La dénonciation pour blasphème a été faite auprès de la police de Lahore le 10 septembre 2005. Selon les plaignants, Younis Masih aurait offensé Mahomet et le Coran à l'occasion d'une bagarre avec un groupe de musulmans, une faute qui, au Pakistan, est punie de la prison à vie ou de la pendaison.

Pour l´avocat de Masih, "la condamnation ne se base sur rien. En fait le témoignage des musulmans suffit comme preuve du délit, et il n'y a rien besoin d'autre pour tuer un homme".

L'avocat a expliqué la dynamique des faits: "Un groupe de chrétiens s'était réuni pour prier le 9 septembre 2005 dans un quartier de Lahore, à Chungi Ammarsiduh, mais un des voisins leur a dit de s'en aller". Abdul Aziz, un des dénonciateurs, a commencé à discuter avec Masih "parce qu'il voulait que les chrétiens prient selon la façon musulmane. La discussion s'est transformée en querelle et deux jours après est arrivée l´accusation de blasphème".

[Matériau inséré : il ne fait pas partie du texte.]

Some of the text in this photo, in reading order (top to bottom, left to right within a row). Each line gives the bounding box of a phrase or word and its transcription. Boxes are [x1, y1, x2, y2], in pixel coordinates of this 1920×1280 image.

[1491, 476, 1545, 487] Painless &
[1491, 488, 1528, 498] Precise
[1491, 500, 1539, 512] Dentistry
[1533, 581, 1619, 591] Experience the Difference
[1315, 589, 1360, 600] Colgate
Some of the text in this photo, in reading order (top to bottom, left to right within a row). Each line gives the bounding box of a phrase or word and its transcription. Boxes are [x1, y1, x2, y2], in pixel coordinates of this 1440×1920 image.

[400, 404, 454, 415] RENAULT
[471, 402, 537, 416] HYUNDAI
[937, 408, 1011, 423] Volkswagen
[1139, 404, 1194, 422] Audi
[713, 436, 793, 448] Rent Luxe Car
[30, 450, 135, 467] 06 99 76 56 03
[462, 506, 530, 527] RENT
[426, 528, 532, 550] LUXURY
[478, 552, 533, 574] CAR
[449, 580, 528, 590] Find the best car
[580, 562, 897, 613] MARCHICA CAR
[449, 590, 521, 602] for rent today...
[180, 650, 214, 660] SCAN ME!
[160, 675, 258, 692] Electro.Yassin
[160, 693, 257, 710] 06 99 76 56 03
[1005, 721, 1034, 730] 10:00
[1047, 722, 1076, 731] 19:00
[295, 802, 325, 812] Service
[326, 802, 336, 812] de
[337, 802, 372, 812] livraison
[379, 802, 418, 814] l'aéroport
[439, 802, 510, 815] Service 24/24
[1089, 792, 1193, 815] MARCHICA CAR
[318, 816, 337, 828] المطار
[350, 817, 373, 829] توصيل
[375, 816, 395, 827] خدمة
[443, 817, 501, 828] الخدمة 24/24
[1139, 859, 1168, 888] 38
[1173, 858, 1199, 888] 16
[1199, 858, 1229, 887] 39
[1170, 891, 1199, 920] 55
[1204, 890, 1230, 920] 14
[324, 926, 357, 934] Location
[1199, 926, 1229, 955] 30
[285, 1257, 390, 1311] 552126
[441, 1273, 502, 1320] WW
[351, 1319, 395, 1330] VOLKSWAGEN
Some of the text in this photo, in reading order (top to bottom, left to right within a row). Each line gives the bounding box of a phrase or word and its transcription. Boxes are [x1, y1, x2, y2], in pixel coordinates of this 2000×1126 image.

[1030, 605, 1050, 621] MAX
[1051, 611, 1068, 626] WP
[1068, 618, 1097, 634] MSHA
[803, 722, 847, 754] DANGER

Désirant recourir à la Cour suprême de Lahore, l'avocat a déjà reçu des menaces de mort. Le procès de mercredi est le premier à avoir été transmis par vidéo. Pour des raisons de sécurité - craignant pour sa vie menacée par les fondamentalistes - les juges n'ont pas convoqué Masih au tribunal, mais l'ont auditionné par le biais d'une transmission vidéo.